[Excerpts from a dataset]
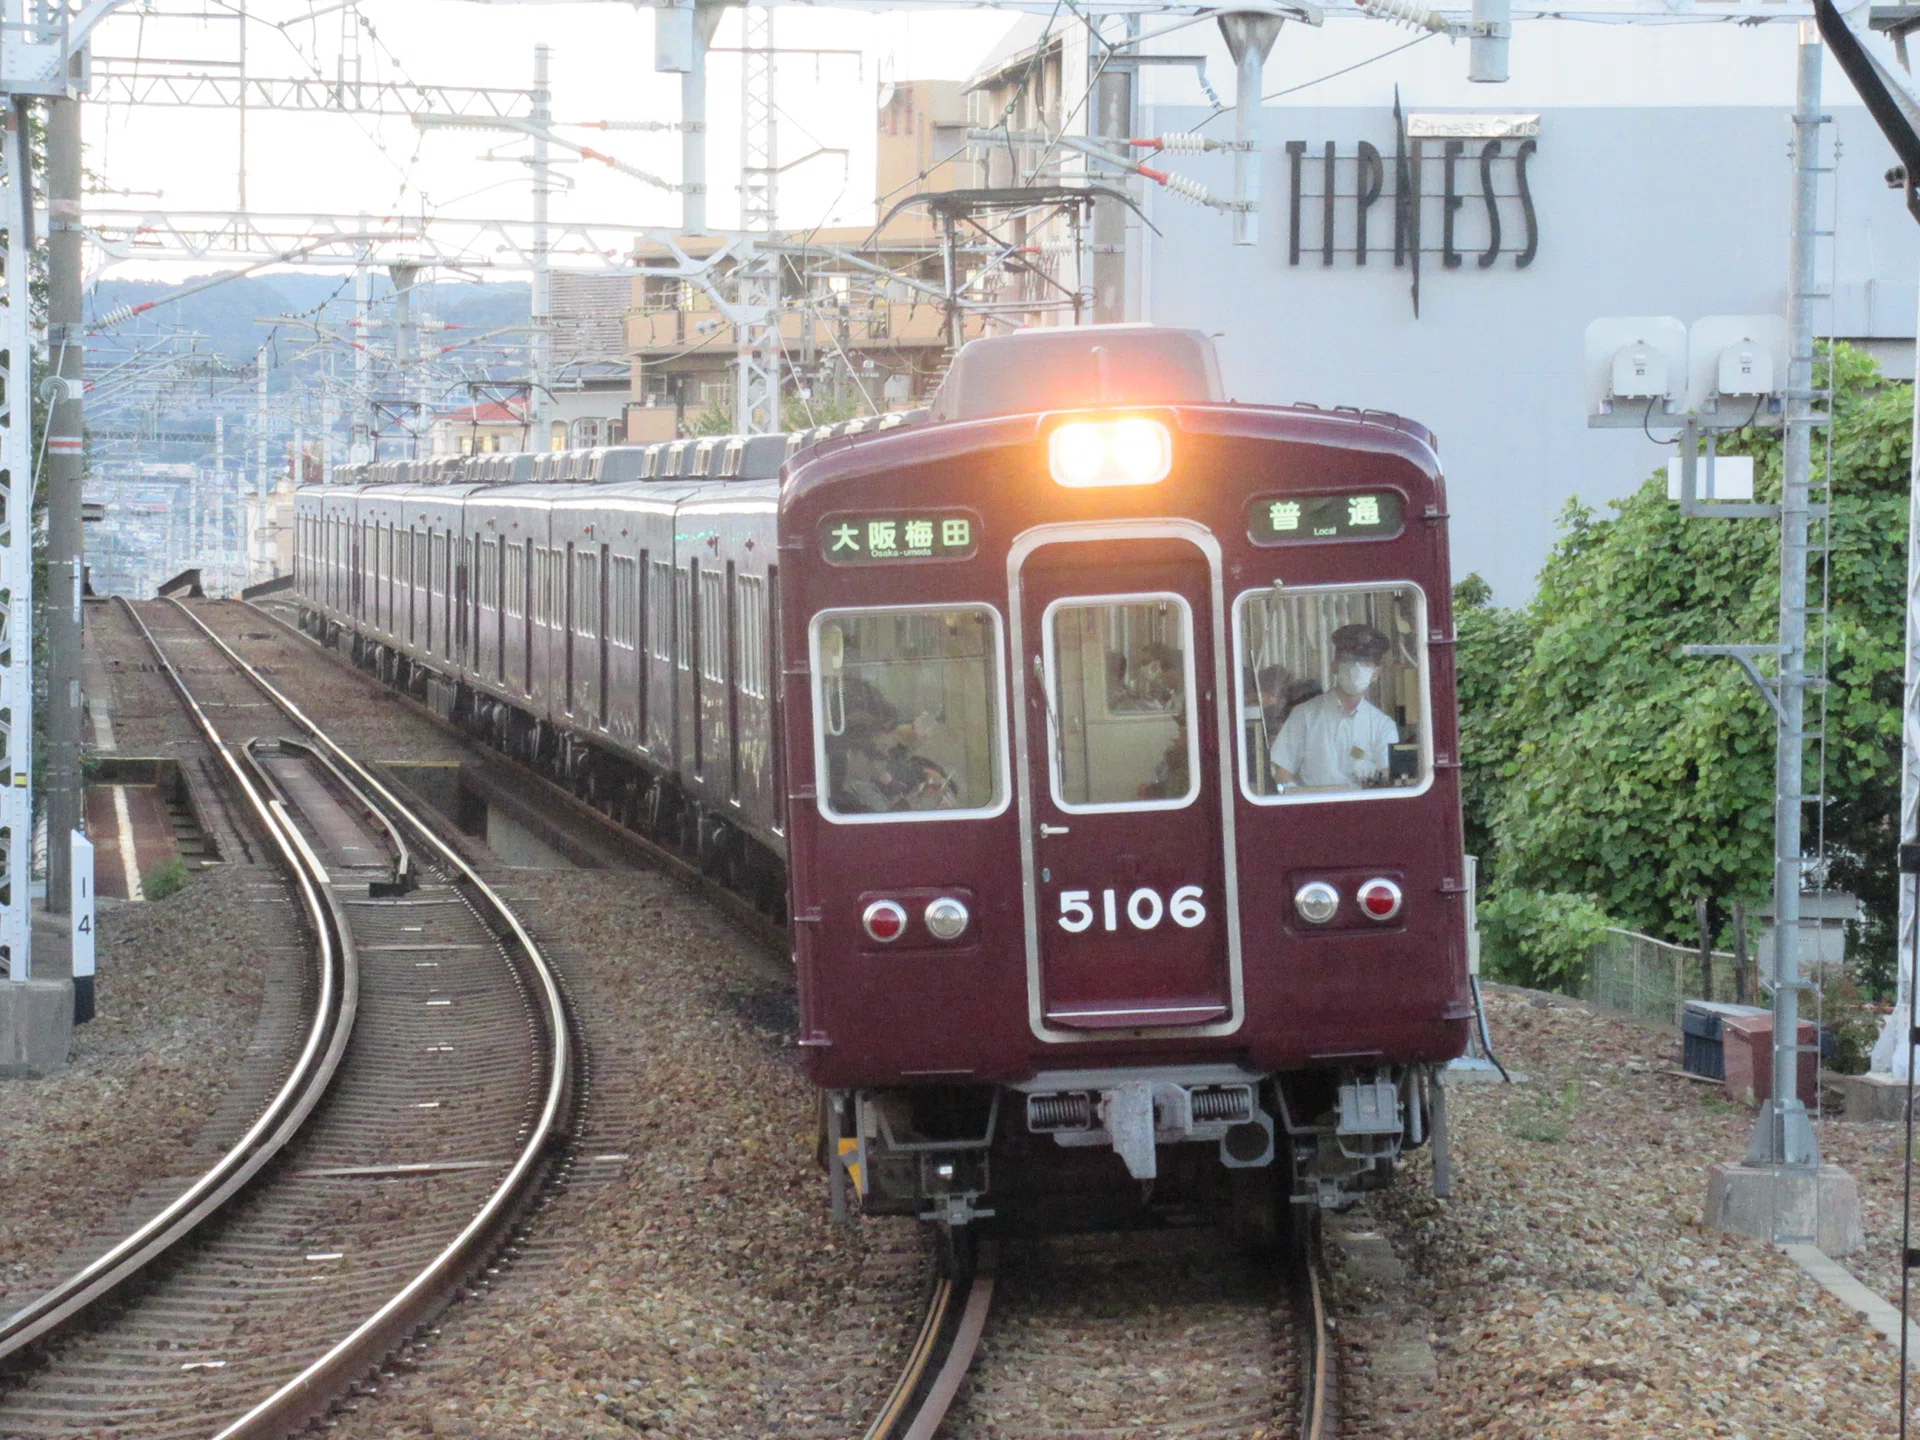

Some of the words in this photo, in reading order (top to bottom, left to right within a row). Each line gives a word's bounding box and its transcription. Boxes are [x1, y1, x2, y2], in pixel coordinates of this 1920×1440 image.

[1286, 82, 1538, 320] TIPNESS
[1269, 497, 1381, 531] 普通
[831, 519, 970, 551] 大阪梅田
[1313, 527, 1337, 536] Local
[1058, 886, 1206, 933] 5106
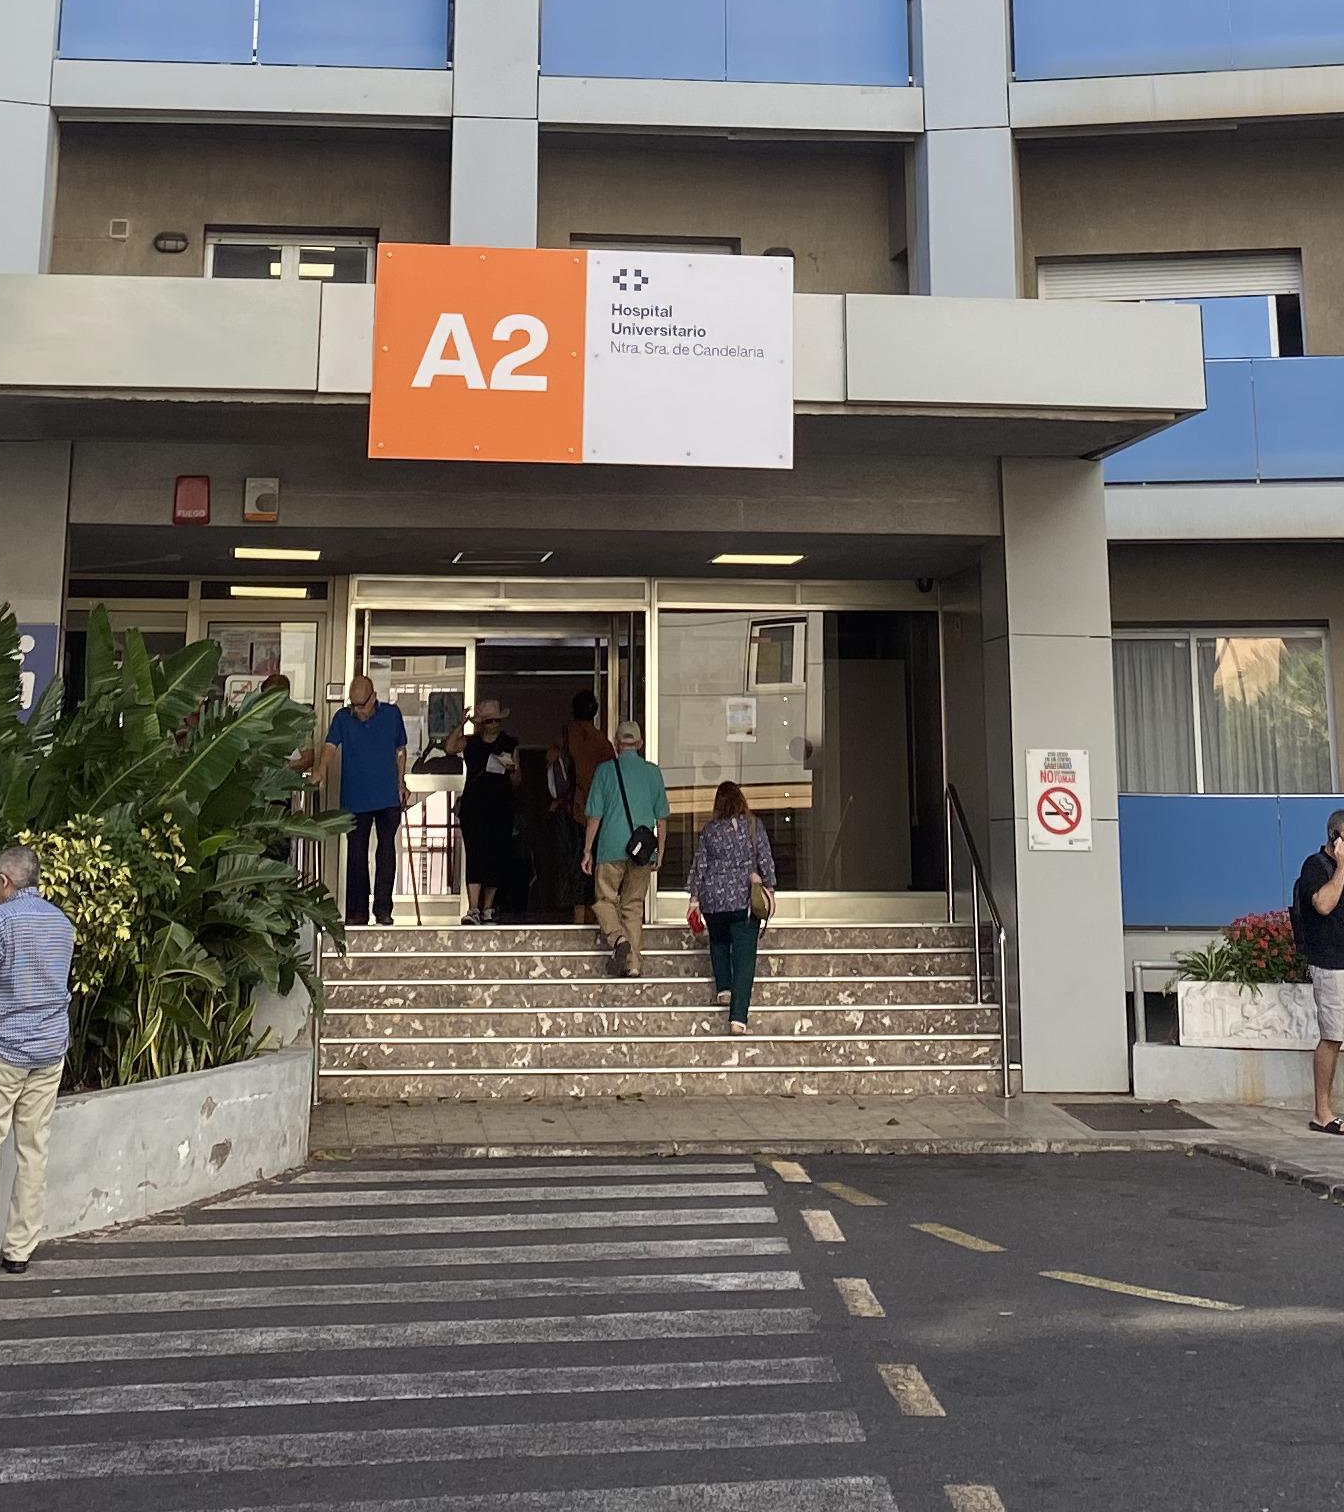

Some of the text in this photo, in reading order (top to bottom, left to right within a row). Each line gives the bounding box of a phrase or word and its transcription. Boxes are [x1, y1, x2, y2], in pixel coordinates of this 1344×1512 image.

[611, 303, 673, 319] Hospital
[611, 322, 707, 338] Universitario
[411, 312, 550, 392] A2
[644, 342, 669, 355] Sra.
[672, 344, 690, 356] de
[693, 344, 765, 359] Candelaria
[176, 510, 206, 518] FUEGO
[1040, 770, 1054, 783] NO

» PROBLEM DESCRIPTION
Without the pictures, give all the records above again exactly.

» YOUR SOLUTION
Some of the words in this photo, in reading order (top to bottom, left to right within a row). Each line gives a word's bounding box and its transcription. Boxes are [x1, y1, x2, y2], in pixel coordinates of this 1920×1440 image.

[1286, 82, 1538, 320] TIPNESS
[1269, 497, 1381, 531] 普通
[831, 519, 970, 551] 大阪梅田
[1313, 527, 1337, 536] Local
[1058, 886, 1206, 933] 5106

Some of the text in this photo, in reading order (top to bottom, left to right within a row). Each line gives the bounding box of a phrase or word and its transcription. Boxes are [x1, y1, x2, y2], in pixel coordinates of this 1344×1512 image.

[611, 303, 673, 319] Hospital
[611, 322, 707, 338] Universitario
[411, 312, 550, 392] A2
[644, 342, 669, 355] Sra.
[672, 344, 690, 356] de
[693, 344, 765, 359] Candelaria
[176, 510, 206, 518] FUEGO
[1040, 770, 1054, 783] NO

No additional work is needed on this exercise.